Portfolio 21's holdings range from lesser-known companies such as energy-efficient ball-bearing manufacturer SKF AB in Sweden to Internet giant Google Inc. and pharmaceutical company Novartis AG.
Google's business success along with the company's attention to energy efficiency—including installing solar panels at company headquarters—caught Portfolio 21's attention, says Tony Tursich, one of the fund's portfolio managers. Novartis, meanwhile, has taken a leadership role in trying to reduce waste from drugs, which ends up in water supplies, he says.

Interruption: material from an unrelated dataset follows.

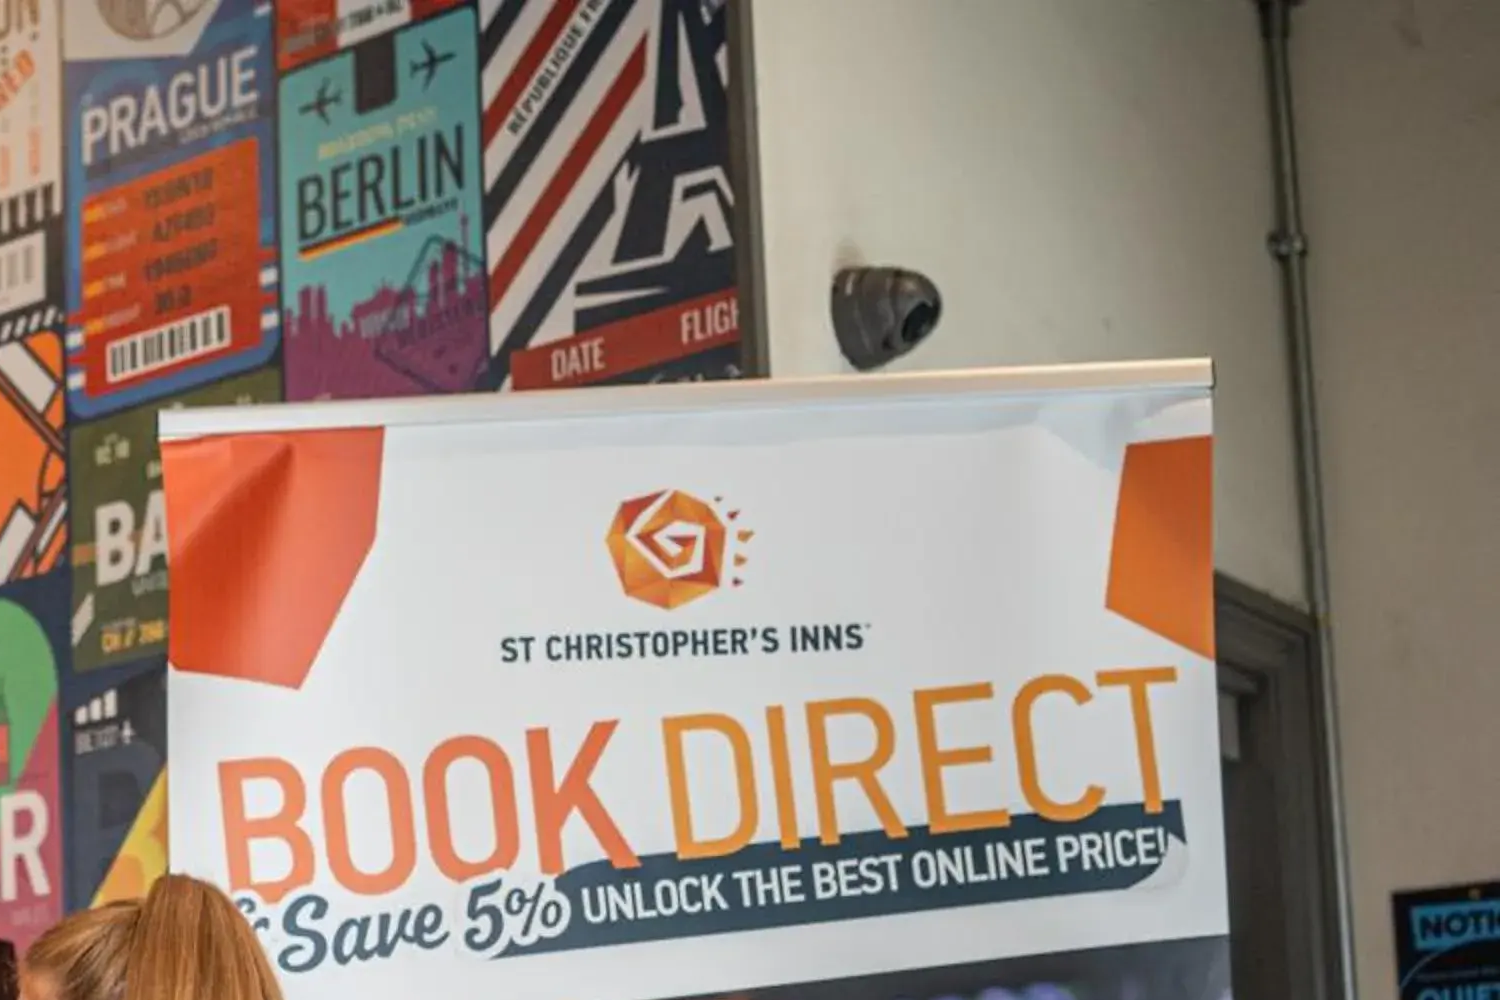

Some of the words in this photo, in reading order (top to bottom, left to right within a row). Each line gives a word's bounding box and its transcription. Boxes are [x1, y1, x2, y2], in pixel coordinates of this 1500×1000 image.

The fund has some exposure to sectors that wouldn't be considered green by most. It doesn't own traditional mining companies, "but we do have exposure to the metals sector through Johnson Matthey PLC, a metals recycler and refiner," says Mr. Tursich. Portfolio 21 also has investments in several auto-parts suppliers, including one that develops hybrid-auto technologies, though it is avoiding auto companies themselves.
"Toyota and Honda are way ahead of the curve in [building] fuel-efficient cars, but they are still jumping in and making big SUVs and trucks," says Leslie Christian, chief executive of Portfolio 21 Investments.
Other funds that Morningstar analysts say could be considered for core holdings are Green Century Balanced, Green Century Equity, Northern Global Sustainability Index and Alger Green.